Exercise directions »
All of the entries are to be repeated exactly, with no pictures included.

Spatial localization data:
⟨
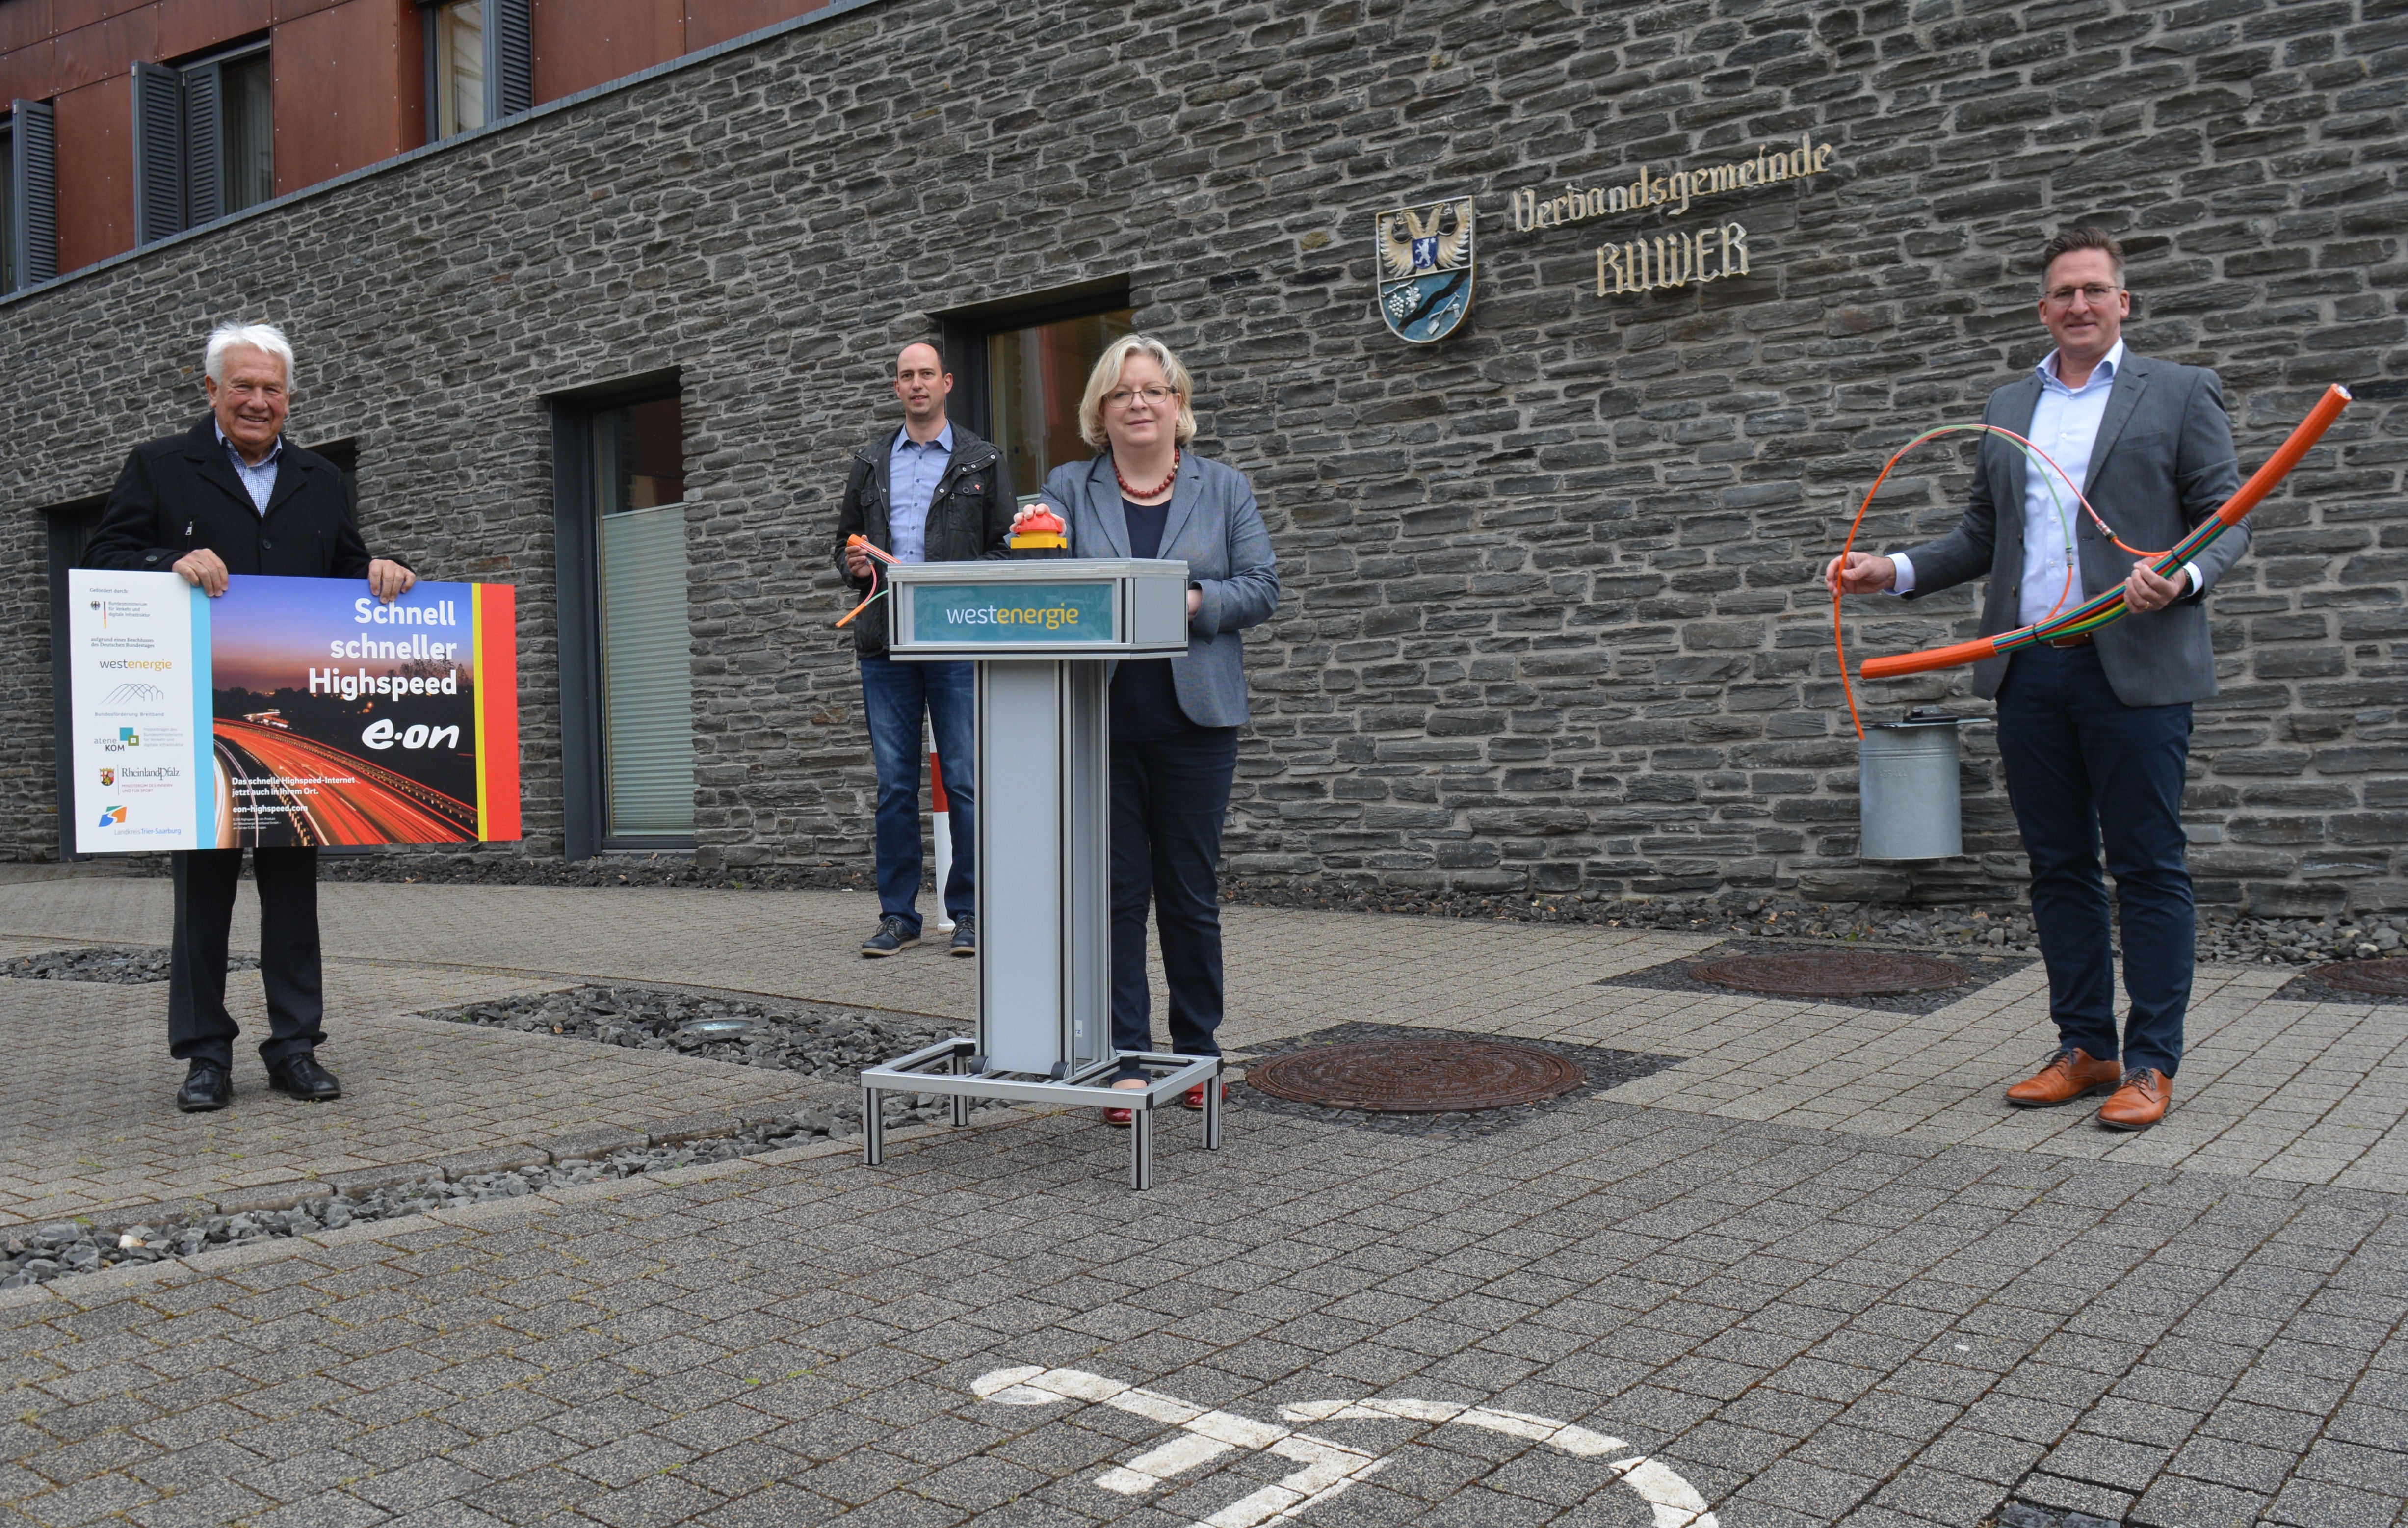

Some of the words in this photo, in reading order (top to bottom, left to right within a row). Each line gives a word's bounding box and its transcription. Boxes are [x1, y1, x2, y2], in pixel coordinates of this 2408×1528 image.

[1513, 132, 1832, 232] Verbandsgemeinde
[1597, 222, 1749, 297] RUWER
[355, 597, 456, 626] Schnell
[946, 602, 1079, 630] westenergie
[331, 633, 457, 660] schneller
[100, 659, 172, 672] westenergie
[309, 668, 457, 701] Highspeed
[232, 787, 250, 797] jetzt
[251, 787, 269, 795] auch
[271, 787, 278, 795] in
[280, 787, 302, 795] Ihrem
[303, 787, 319, 795] Ort.
[249, 776, 280, 785] schnelle
[281, 776, 355, 787] Highspeed-Internet
[233, 805, 308, 814] eon-highspeed.com
⟩
Answer section »
Some of the words in this photo, in reading order (top to bottom, left to right within a row). Each line gives a word's bounding box and its transcription. Boxes are [x1, y1, x2, y2], in pixel coordinates of this 2408×1528 image.

[1513, 132, 1832, 232] Verbandsgemeinde
[1597, 222, 1749, 297] RUWER
[355, 597, 456, 626] Schnell
[946, 602, 1079, 630] westenergie
[331, 633, 457, 660] schneller
[100, 659, 172, 672] westenergie
[309, 668, 457, 701] Highspeed
[232, 787, 250, 797] jetzt
[251, 787, 269, 795] auch
[271, 787, 278, 795] in
[280, 787, 302, 795] Ihrem
[303, 787, 319, 795] Ort.
[249, 776, 280, 785] schnelle
[281, 776, 355, 787] Highspeed-Internet
[233, 805, 308, 814] eon-highspeed.com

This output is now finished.